Erdoğan’s apology

Erdoğan’s apology

The night of July 15 was a shock that will reverberate for years to come. It came in the form of tanks and F-16s, nervous soldiers with guns and a shadowy global network of underground agents. It was a night when Turks felt like the context in which their lives unfolded every day could be ripped open by forces they scarcely understood. If we want to mend that context, we now have a responsibility to be resilient. Ankara’s various factions have been hard at work doing just that, and it’s time our friends in the West joined us.

Let me elaborate. 

This week, President Recep Tayyip Erdoğan gave his first genuine apology, ever. “I am sad for not having uncovered the face of this heinous gang,” he said in a speech. “I know that we have much to answer for to God and to our nation. May God and our nation forgive us.” He spoke in the plural, but as so often in formal Turkish, it was an “imperial we,” meaning that he was referring to himself. 

With this apology comes a rare reach across the aisle. Main opposition Republican People’s Party (CHP) leader Kemal Kılıçdaroğlu, who was for some time “a non-entity” for Erdoğan, is now a long-lost friend. Kılıçdaroğlu recently tweeted in disbelief about a speech of his being broadcast on the government’s TRT news channel. He announced that he would not attend the president’s grand rally in Istanbul this weekend, but acquiesced after two calls from Erdoğan and three from Prime Minister Binali Yıldırım. Nationalist Movement Party (MHP) leader Devlet Bahçeli has long been receiving the government’s praises anyways, and even Peoples’ Democratic Party (HDP) leader Selahattin Demirtaş gets a few kind words here and there. 

But Turkey is no island entire to itself, and as a globalized modern economy, is dependent on the international community. There, the mood is different. Half a decade of newspaper articles with the theme “Erdoğan is a dictator” have made it impossible for our Western friends to see past the big man. This is so ingrained in their minds that their readers are now primed to link everything relating to Turkey to its president. It’s clickbait, and everyone knows it.
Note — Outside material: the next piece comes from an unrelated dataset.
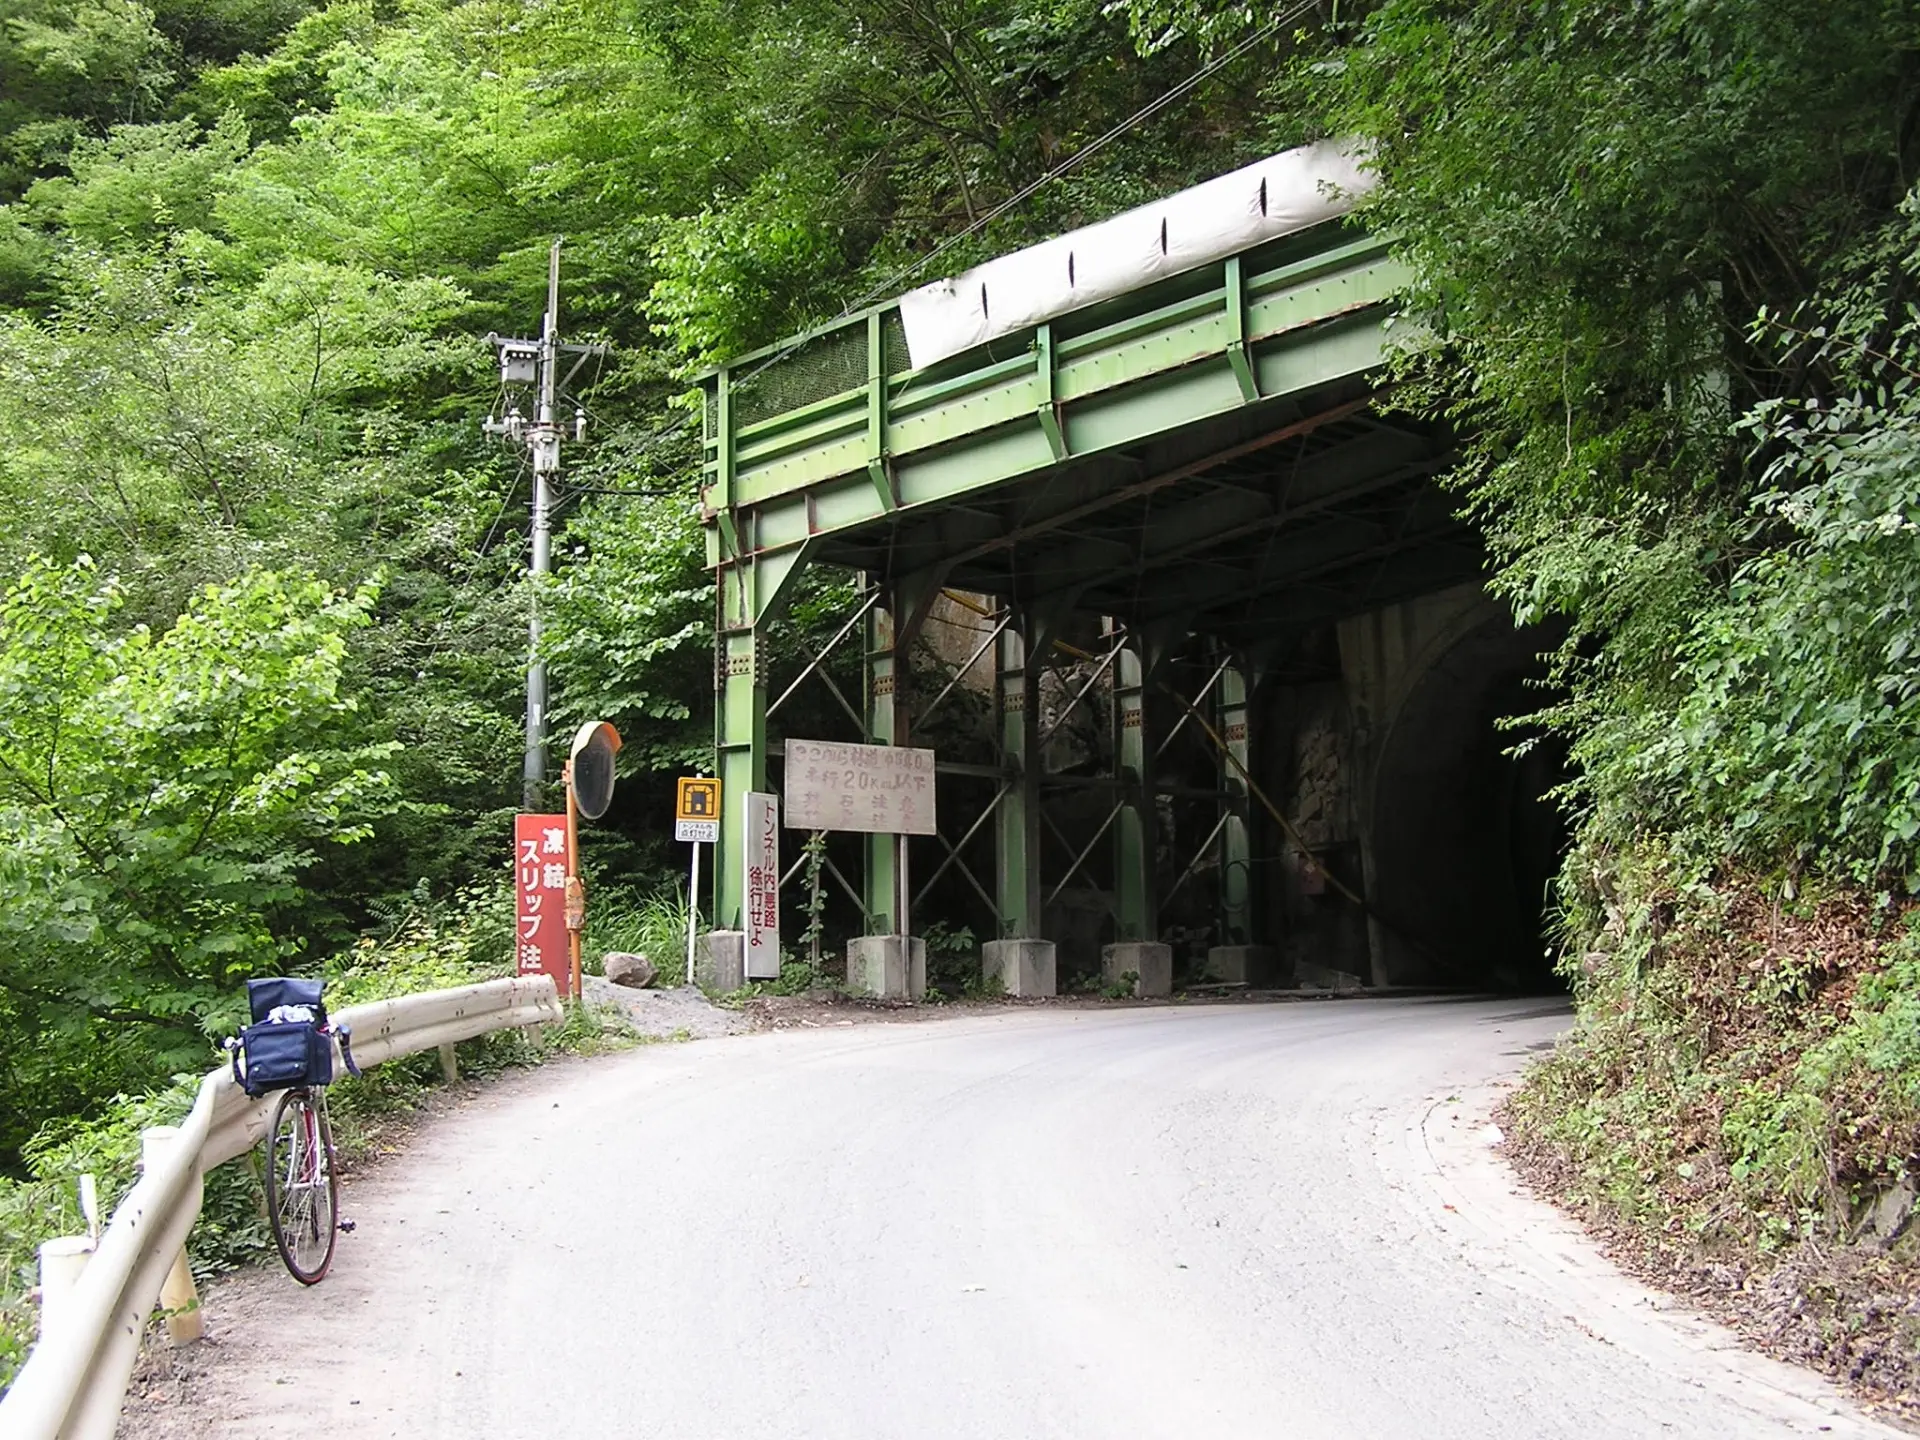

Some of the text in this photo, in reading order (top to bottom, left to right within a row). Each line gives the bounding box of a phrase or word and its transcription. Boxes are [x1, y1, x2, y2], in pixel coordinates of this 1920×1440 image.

I have heard from several foreign correspondents in Turkey that they try to steer things away from Erdoğan, only for their editors back home to put him into their headlines. 

There is a price to be paid for that sort of lazy journalism, and it’s in front of us now: The West is incapable of matching Turkey’s emotions about the attempted coup. All they see is “Erdoğan is amassing more power.” That might very well be, but their fixation on that point is exasperating the problem, not resolving it.

Looking for a good example? Former Swedish Prime Minister Carl Bildt recently wrote a piece for Politico asking Europe to stand by Turkey against the coup. But as so often happens, the publishers determined the title, and it now reads “Europe, stand up for Erdoğan.” Bildt took to Twitter to say that Politico’s shift was “immoral,” but I find it a useful indicator of what is happening in Brussels. The editors were probably confused by the nuance in Bildt’s argument, which deplores Erdoğan’s anti-democratic practices, but sees a coup as being immeasurably worse. The EU, he says, only loses moral credibility by seeming indifferent to this.

This is not just talk. Trust between allies is important. Turkey is no North Korea – it hosted the G-20 last year. Turkey is an integral part of the post-war liberal order and an important global citizen. Of course it is imperfect in very important ways, but this is not a time to be pointing fingers. Turkey is going through a traumatic time, and if the West wants to keep it as an ally, it should put more effort into empathizing with the decisions the country has to make.

That might be the blessing in disguise. If the reconciliatory mood in Turkey is harnessed properly, the government could once again start to listen to its friends at home and abroad. 

Last week, TOBB, the Chamber Federation of Turkey, arranged a meeting with domestic and international investors, as well the president, the prime minister and the economy ministers. CEOs called for public order to be restored swiftly, rule of law to be considered priority number one and the investment climate to be made more conducive for investments. 

I like businesspeople because they look forward, not backwards. Attempting this coup was a terrible crime, but it reminded us – including the president – that we are all guilty in some ways. To live in this country together, we have to acknowledge our sins, apologize and learn to do better. I hope that in the wake of this terrible incident, our foreign friends can do the same.